Task objective:
Here are records with pictures in them. Copy all of them exactly and leave the pictures out.

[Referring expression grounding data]
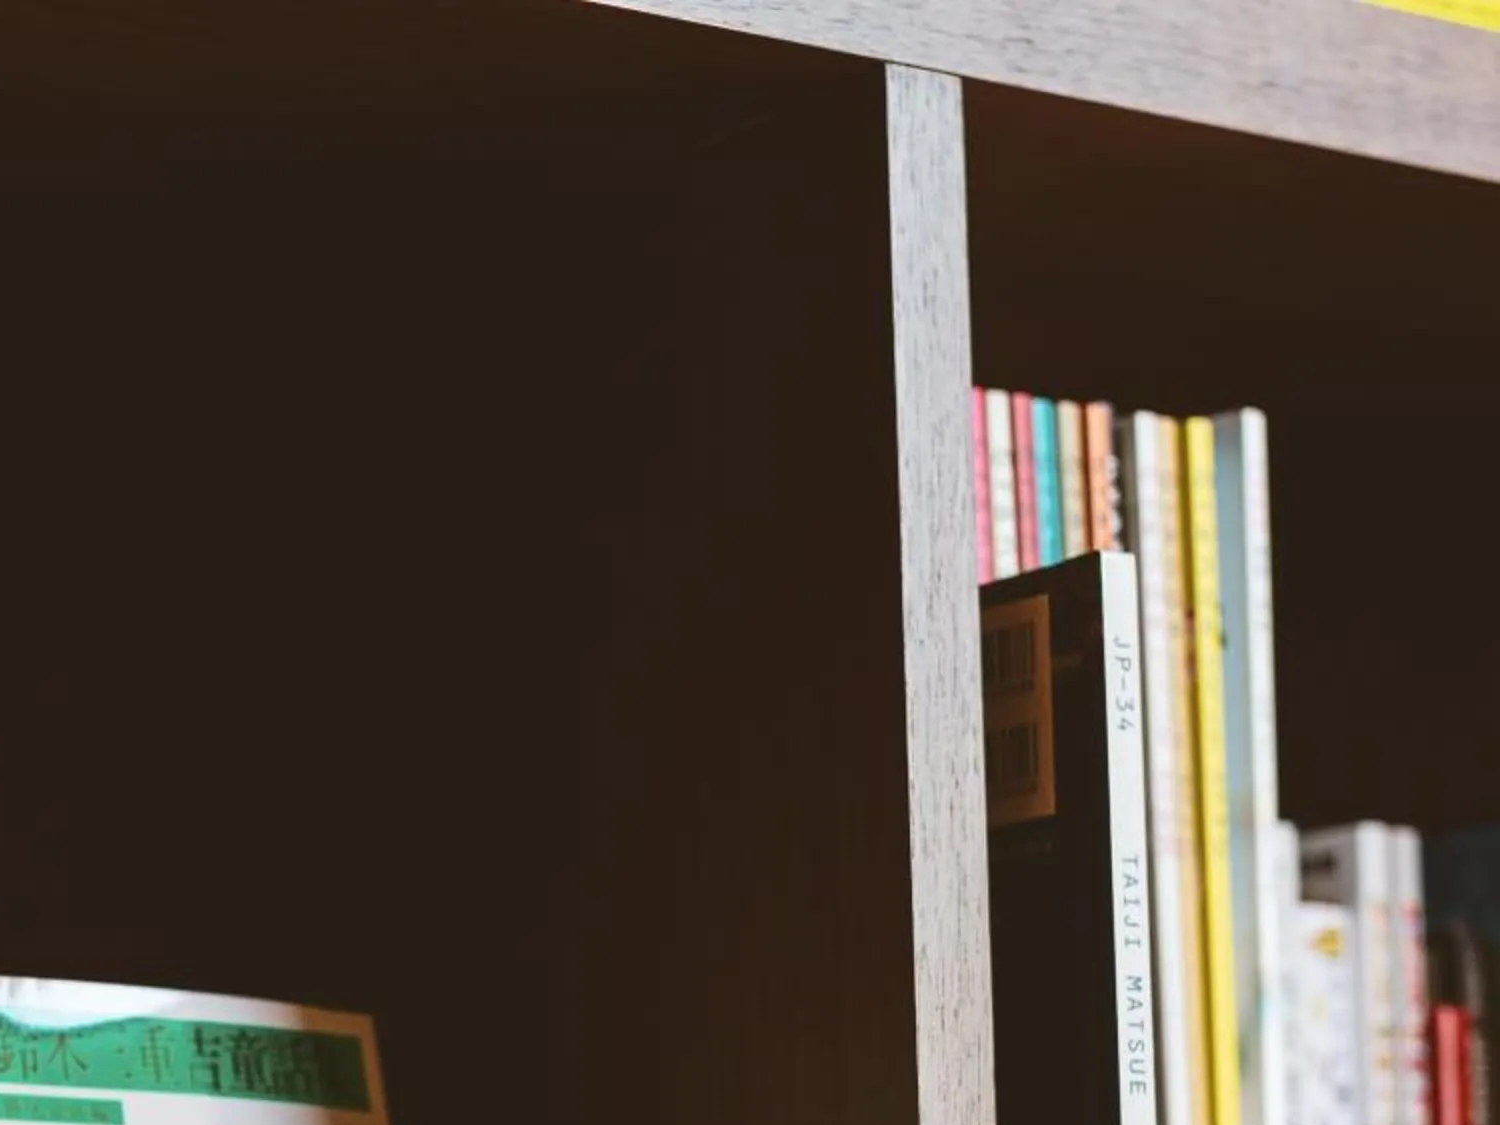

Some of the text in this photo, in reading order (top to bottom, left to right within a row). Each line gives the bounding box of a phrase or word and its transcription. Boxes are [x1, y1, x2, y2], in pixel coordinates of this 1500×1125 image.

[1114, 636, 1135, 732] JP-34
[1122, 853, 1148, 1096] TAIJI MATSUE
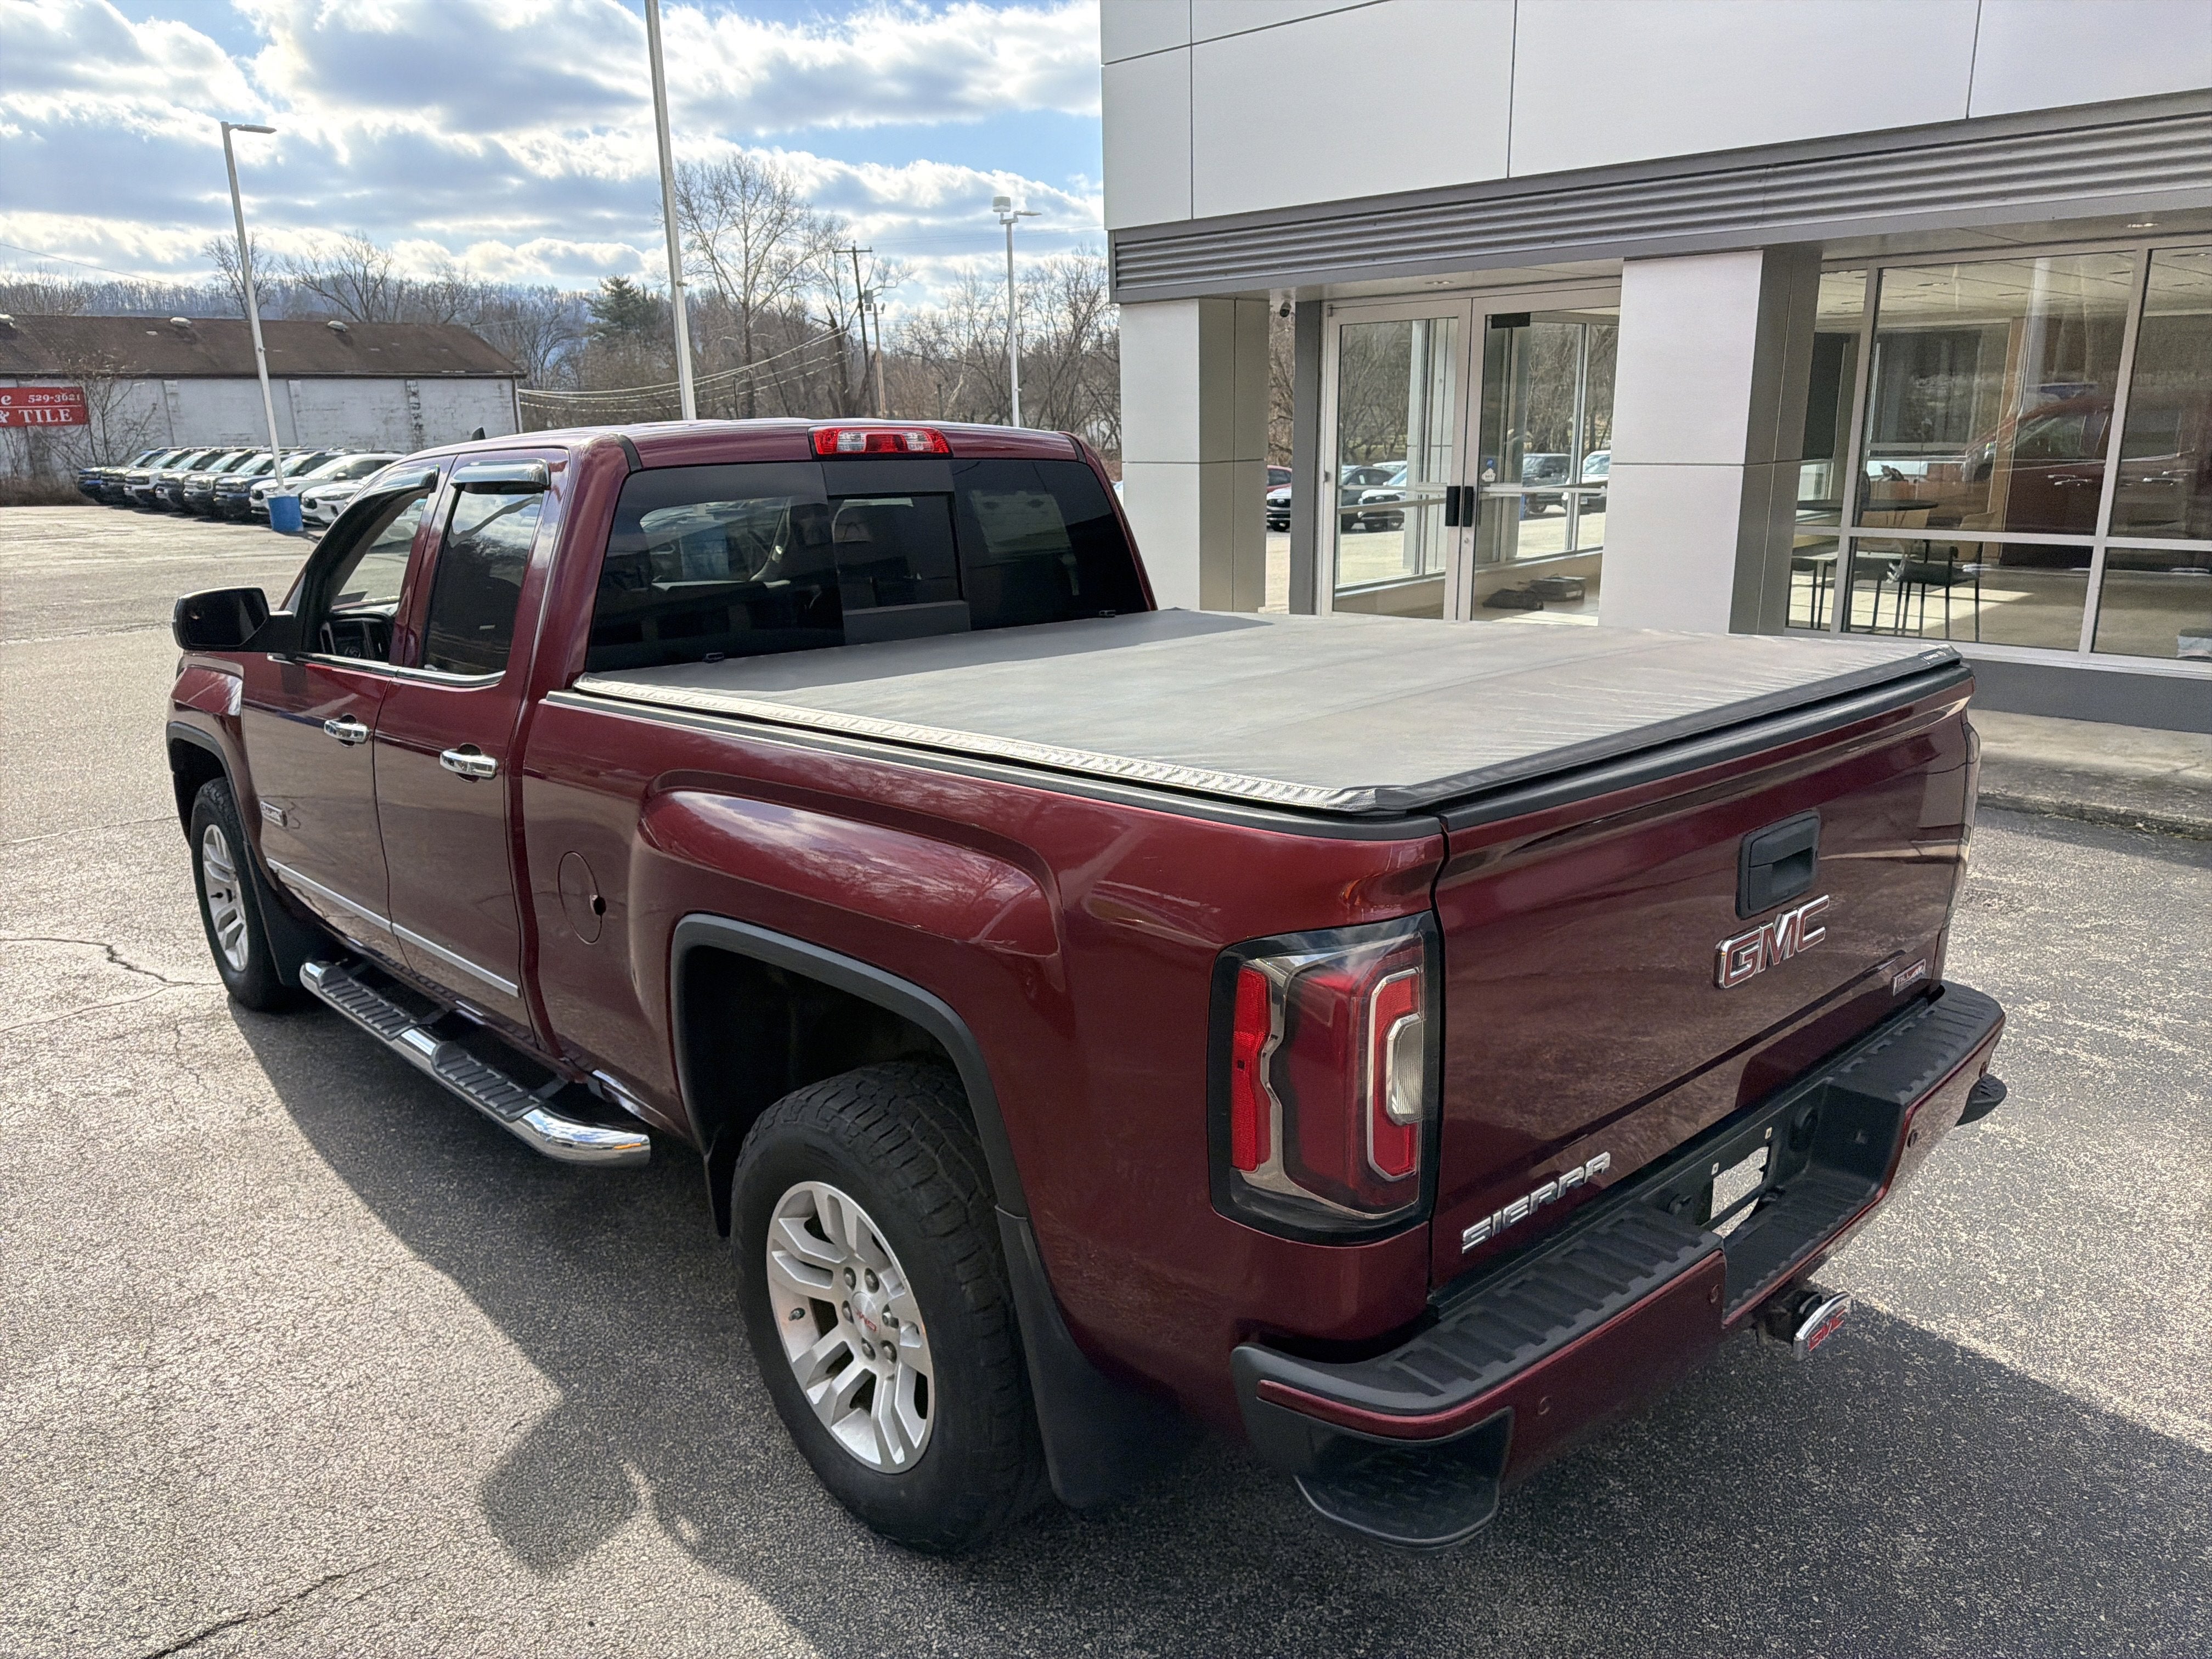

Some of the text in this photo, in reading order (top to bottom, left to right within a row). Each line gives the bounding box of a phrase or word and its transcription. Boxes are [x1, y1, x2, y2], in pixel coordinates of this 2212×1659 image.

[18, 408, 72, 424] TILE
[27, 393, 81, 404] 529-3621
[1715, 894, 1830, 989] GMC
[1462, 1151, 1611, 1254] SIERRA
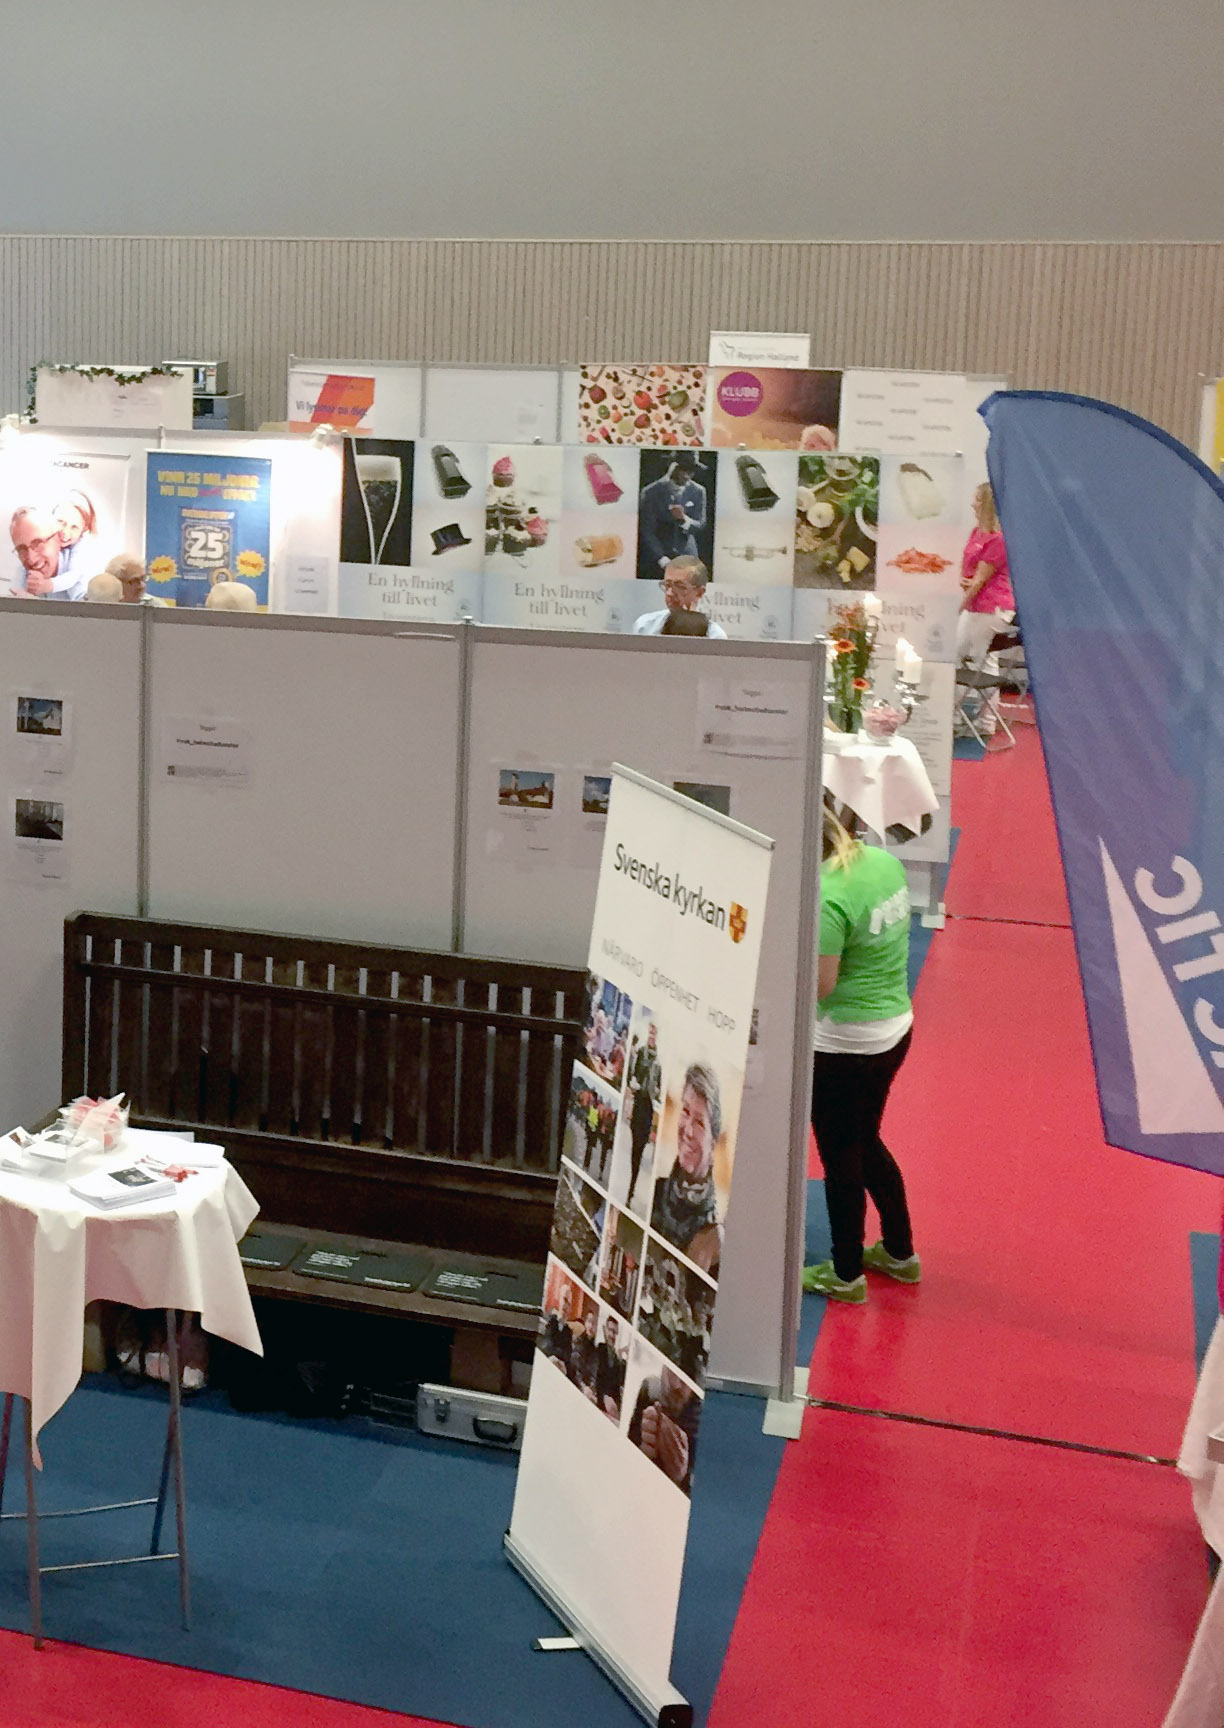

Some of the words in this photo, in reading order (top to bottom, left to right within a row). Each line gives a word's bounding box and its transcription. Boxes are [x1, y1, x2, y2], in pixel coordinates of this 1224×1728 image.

Response box:
Some of the text in this photo, in reading order (top to bottom, left to right within a row). Each line gives the bounding box of a phrase or word and its transcription. Boxes are [x1, y1, x2, y2], in pixel coordinates of this 1500×1125 image.

[1114, 636, 1135, 732] JP-34
[1122, 853, 1148, 1096] TAIJI MATSUE

Some of the text in this photo, in reading order (top to bottom, left to right within a row). Each line gives the bounding box of a phrase or word and its transcription. Boxes are [x1, y1, x2, y2], in pixel coordinates of this 2212×1659 image.

[18, 408, 72, 424] TILE
[27, 393, 81, 404] 529-3621
[1715, 894, 1830, 989] GMC
[1462, 1151, 1611, 1254] SIERRA

Some of the words in this photo, in reading order (top to bottom, left to right within a row). Each line gives a word's bounding box and its transcription. Boxes are [x1, y1, x2, y2], in pixel coordinates of this 1224×1728 image.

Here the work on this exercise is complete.